Friday, April 19, 2013

April 19

Our Hero....

Hey buddy
I have been sitting here at the computer for a while now staring at the screen. I don’t know what to say. Your daddy says, “I miss you”. He went to the driving range tonight and said he missed having you there with him. I know you used to love to go there with him, just the two of you. You loved to take your clubs and “hit it on the screws” and practice your putting on the green. It is so hard to push through and do these things now without you. My only solace is that I know that you are constantly walking with us. I read a poem today that said that you are closer to us now that you ever were when you were here on earth. So I spend moments in the day, mostly when I feel as though I am going to break apart, and try to just sit and be still. I try to imagine what you would be doing in that moment, how you would comfort me. And I know that you are. I know that you are listening to me and hearing my conversations with you. Evelyn and Ryan have been having so much fun playing together and I am sure you watch them with joy in your heart. It is such a catch 22 because I know that you would have loved to played imaginary games with them. Tonight Evelyn had on your Batman cape and flower glasses and it reminded me of the day you dressed up exactly the same. They get out all the instruments and their new microphone and have a little garage band together. Oh the music you guys would have made!
I know that you already know this but it has been really hard for mommy to talk about. But you are going to be a big brother, again. We found out we were going to have a baby almost a month before you left us. I was so excited at the thought of new beginnings. I knew your nurturing, caring and loving spirit would have been so excited to have a baby around the house. I can still see it. I imagine you holding the baby and looking lovingly into their eyes. Wanting to help in everyway possible. The thought now that you are no longer able to be a big brother to this baby is more than my heart can endure. We have not really told very many people, yet, but my tummy is getting so big now I can’t hide the secret anymore. I have a difficult time explaining to people how difficult it is to be joyful about new life when yours was just taken away. I find a lot of comfort knowing how close you are to this baby. That you can already speak to it and tell it stories. You can introduce yourself and Jackie and let them know what a ride they are in for. Oh how I pray that you could be there with us.
Well I just wanted to send you a note and tell you how much I love you and miss you. How much I appreciate you calming my heart when it feels as though it is going to pop out of my chest. I pray you stay close to us and help us to understand.

Love Mommy

10 comments:

  1. Dear Megan, Chris and family,

    Congratulations on the news! I am so happy for you!

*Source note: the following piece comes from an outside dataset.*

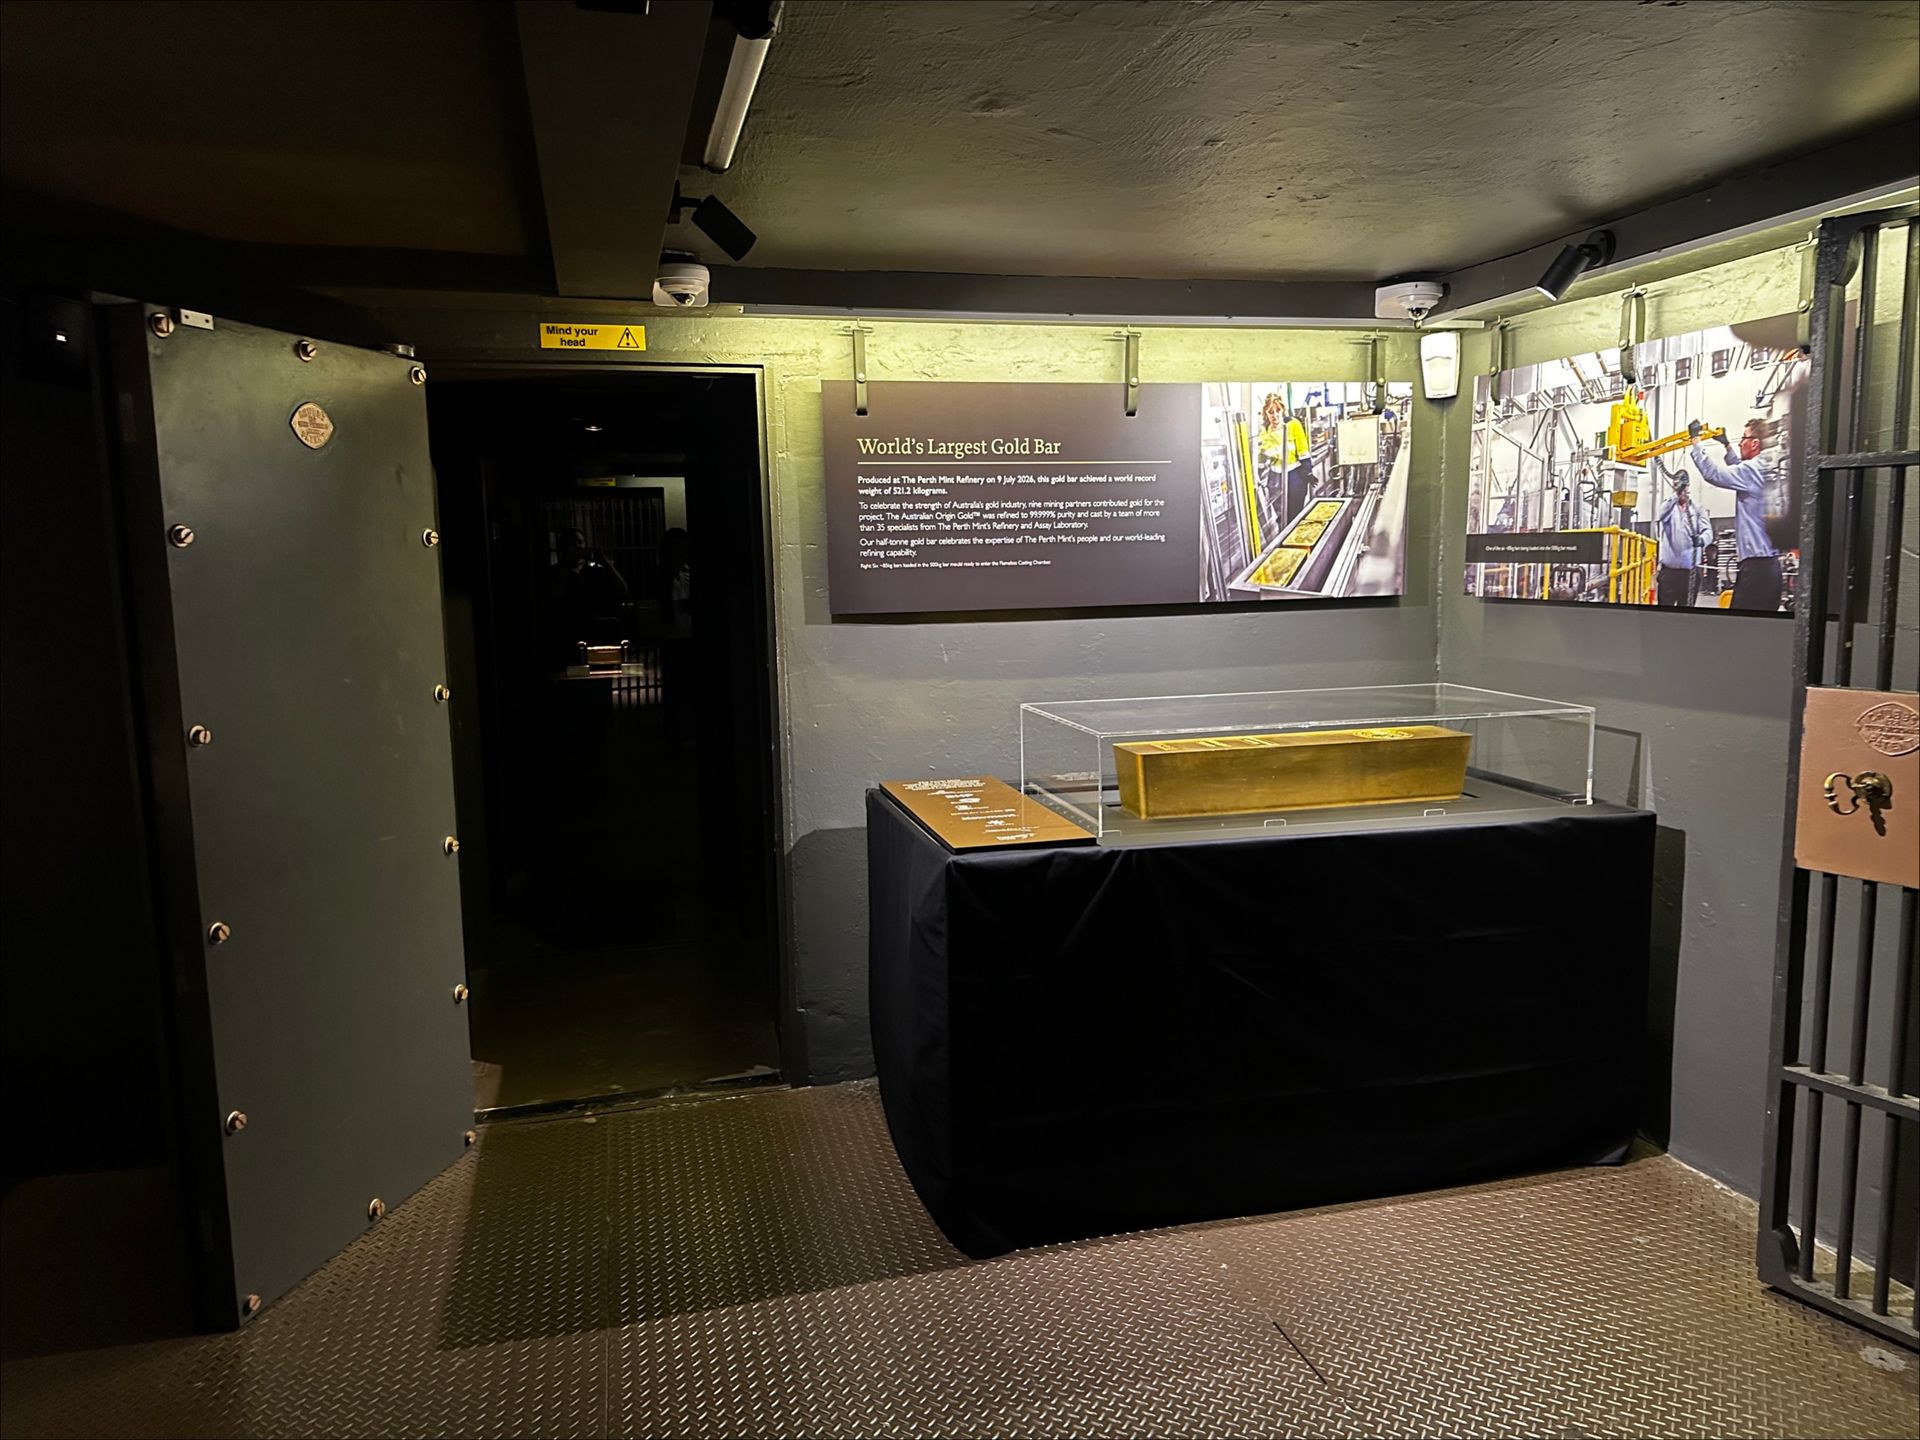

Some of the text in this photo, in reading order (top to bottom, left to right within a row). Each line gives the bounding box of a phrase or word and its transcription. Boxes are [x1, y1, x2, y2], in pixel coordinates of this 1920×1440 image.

    A month ago I had a very vivid dream where I was watching you, holding a baby in your arms and washing the baby's hair. Standing to your right was Christian wearing one of the biggest smiles one can imagine. He was happy to be a big brother and that was evident with the smile on his face. I found the dream "odd" and thought nothing more of it until reading your blog tonight.

    You had written "The thought now that you are no longer able to be a big brother to this baby is more than my heart can endure." I believe with everything in me that Christian knows he will be a big brother ~ I really do.

    I pray your heart continues to find peace in knowing he walks besides you.

    Once again, congratulations. I am so very happy for you all.

    ReplyDelete
  2. What wonderful news!! I'm sure Christian is doing a happy dance in heaven. :)

    ReplyDelete
  3. "Life in all its fullness" is what comes to mind and your life has been Life with a capital "L", which also stands for Love. Congratulations and Blessings to all of you :-) Patricia (Antigonish)

    ReplyDelete
  4. I hope you can enjoy the rest of your pregnancy and the birth of your new little one while you have to endure all your sadness and pain. What a conflict. I cannot imagine the roller coaster you must be on right now Megan. To have such joy and such heartache all at once.

    I am sure that your Christian has run his hand over the baby's soft head and looked lovingly into his or her eyes and told them what a loving, safe and special family they are about to enter into. He has probably whispered to them that he will watch over them, as he has been watching over all of you since he left you.

    Amongst all the pain, you are blessed.

    Lise W.

    ReplyDelete
  5. Congratulations to you both and your family on the coming addition to your family. You are blessed. Christian will be a very special guardian angel to this new baby and all of you. God bless!

    ReplyDelete
  6. Congratulations. What a lucky baby to have you all for his/her family. And this baby will know that Christian is watching over this precious life. Barb and Allan MacL

    ReplyDelete
  7. Wow! Congratulations that is fantastic news! We are so happy for you and your family. This is the first post that has brought me to tears, of happiness for you. I am looking forward to many more. You must know in your heart of hearts that Christian is smiling and just as excited to be a big brother as if he were still on this earth. Maybe even more so knowing that this new addition to your family may make you realize once again what your purpose in life is and that is to be the best, most loving mother as you have always been and will continue to be.
    Thinking of you daily,
    The Magas'

    ReplyDelete
  8. Oh Megan and Chris...congratulations!

    ReplyDelete
  9. Congrats! Such wonderful news :)

    ReplyDelete
  10. Such love finds ways to show you the best of your family. Congratulations on the miracle that is born from this love. Christian, I believe, is rejoicing.